Would you return the complete listing below word for word?

____

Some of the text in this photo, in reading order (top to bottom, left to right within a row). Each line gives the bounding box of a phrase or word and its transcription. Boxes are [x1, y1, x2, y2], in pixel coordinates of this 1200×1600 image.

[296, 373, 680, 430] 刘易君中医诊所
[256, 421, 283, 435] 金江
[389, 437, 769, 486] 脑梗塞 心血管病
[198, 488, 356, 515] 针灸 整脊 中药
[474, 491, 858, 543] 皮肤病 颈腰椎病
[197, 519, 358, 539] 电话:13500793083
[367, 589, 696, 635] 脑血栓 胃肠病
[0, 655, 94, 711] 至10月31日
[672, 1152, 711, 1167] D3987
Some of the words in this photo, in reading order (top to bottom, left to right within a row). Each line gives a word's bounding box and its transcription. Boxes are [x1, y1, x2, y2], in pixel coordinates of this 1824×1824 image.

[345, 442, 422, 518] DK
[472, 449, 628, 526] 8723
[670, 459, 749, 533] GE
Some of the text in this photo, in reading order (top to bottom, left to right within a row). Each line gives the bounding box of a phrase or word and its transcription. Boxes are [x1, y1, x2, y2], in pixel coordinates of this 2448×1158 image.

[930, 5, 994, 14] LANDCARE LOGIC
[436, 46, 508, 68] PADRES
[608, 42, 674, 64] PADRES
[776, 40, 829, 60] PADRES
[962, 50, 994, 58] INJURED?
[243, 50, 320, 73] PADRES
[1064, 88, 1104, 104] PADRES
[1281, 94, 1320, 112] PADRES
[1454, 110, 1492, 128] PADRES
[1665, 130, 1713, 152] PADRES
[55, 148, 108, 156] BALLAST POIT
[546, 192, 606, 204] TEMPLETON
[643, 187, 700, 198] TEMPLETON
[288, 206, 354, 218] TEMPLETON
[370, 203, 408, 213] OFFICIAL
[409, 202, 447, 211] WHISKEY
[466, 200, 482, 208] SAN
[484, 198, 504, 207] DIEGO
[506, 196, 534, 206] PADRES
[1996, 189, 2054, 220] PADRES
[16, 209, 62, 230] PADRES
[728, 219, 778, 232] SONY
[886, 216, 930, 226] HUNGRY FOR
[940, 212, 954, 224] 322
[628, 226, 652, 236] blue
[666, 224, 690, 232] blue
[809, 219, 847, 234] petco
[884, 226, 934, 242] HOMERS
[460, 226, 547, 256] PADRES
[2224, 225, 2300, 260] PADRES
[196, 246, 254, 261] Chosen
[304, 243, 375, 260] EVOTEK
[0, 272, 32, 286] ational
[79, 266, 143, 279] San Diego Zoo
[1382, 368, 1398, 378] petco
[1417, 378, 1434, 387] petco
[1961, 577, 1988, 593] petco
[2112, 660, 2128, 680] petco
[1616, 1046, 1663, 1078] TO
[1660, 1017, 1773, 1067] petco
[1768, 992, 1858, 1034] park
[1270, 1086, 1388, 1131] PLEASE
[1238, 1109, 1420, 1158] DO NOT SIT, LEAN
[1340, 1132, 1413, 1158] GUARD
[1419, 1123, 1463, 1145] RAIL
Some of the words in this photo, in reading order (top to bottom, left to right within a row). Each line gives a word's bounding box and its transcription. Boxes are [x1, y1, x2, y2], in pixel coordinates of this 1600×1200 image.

____

# TASK RESPONSE:
Some of the text in this photo, in reading order (top to bottom, left to right within a row). Each line gives the bounding box of a phrase or word and its transcription. Boxes are [x1, y1, x2, y2], in pixel coordinates of this 1200×1600 image.

[296, 373, 680, 430] 刘易君中医诊所
[256, 421, 283, 435] 金江
[389, 437, 769, 486] 脑梗塞 心血管病
[198, 488, 356, 515] 针灸 整脊 中药
[474, 491, 858, 543] 皮肤病 颈腰椎病
[197, 519, 358, 539] 电话:13500793083
[367, 589, 696, 635] 脑血栓 胃肠病
[0, 655, 94, 711] 至10月31日
[672, 1152, 711, 1167] D3987
Some of the words in this photo, in reading order (top to bottom, left to right within a row). Each line gives a word's bounding box and its transcription. Boxes are [x1, y1, x2, y2], in pixel coordinates of this 1824×1824 image.

[345, 442, 422, 518] DK
[472, 449, 628, 526] 8723
[670, 459, 749, 533] GE
Some of the text in this photo, in reading order (top to bottom, left to right within a row). Each line gives the bounding box of a phrase or word and its transcription. Boxes are [x1, y1, x2, y2], in pixel coordinates of this 2448×1158 image.

[930, 5, 994, 14] LANDCARE LOGIC
[436, 46, 508, 68] PADRES
[608, 42, 674, 64] PADRES
[776, 40, 829, 60] PADRES
[962, 50, 994, 58] INJURED?
[243, 50, 320, 73] PADRES
[1064, 88, 1104, 104] PADRES
[1281, 94, 1320, 112] PADRES
[1454, 110, 1492, 128] PADRES
[1665, 130, 1713, 152] PADRES
[55, 148, 108, 156] BALLAST POIT
[546, 192, 606, 204] TEMPLETON
[643, 187, 700, 198] TEMPLETON
[288, 206, 354, 218] TEMPLETON
[370, 203, 408, 213] OFFICIAL
[409, 202, 447, 211] WHISKEY
[466, 200, 482, 208] SAN
[484, 198, 504, 207] DIEGO
[506, 196, 534, 206] PADRES
[1996, 189, 2054, 220] PADRES
[16, 209, 62, 230] PADRES
[728, 219, 778, 232] SONY
[886, 216, 930, 226] HUNGRY FOR
[940, 212, 954, 224] 322
[628, 226, 652, 236] blue
[666, 224, 690, 232] blue
[809, 219, 847, 234] petco
[884, 226, 934, 242] HOMERS
[460, 226, 547, 256] PADRES
[2224, 225, 2300, 260] PADRES
[196, 246, 254, 261] Chosen
[304, 243, 375, 260] EVOTEK
[0, 272, 32, 286] ational
[79, 266, 143, 279] San Diego Zoo
[1382, 368, 1398, 378] petco
[1417, 378, 1434, 387] petco
[1961, 577, 1988, 593] petco
[2112, 660, 2128, 680] petco
[1616, 1046, 1663, 1078] TO
[1660, 1017, 1773, 1067] petco
[1768, 992, 1858, 1034] park
[1270, 1086, 1388, 1131] PLEASE
[1238, 1109, 1420, 1158] DO NOT SIT, LEAN
[1340, 1132, 1413, 1158] GUARD
[1419, 1123, 1463, 1145] RAIL
Some of the words in this photo, in reading order (top to bottom, left to right within a row). Each line gives a word's bounding box and its transcription. Boxes are [x1, y1, x2, y2], in pixel coordinates of this 1600×1200 image.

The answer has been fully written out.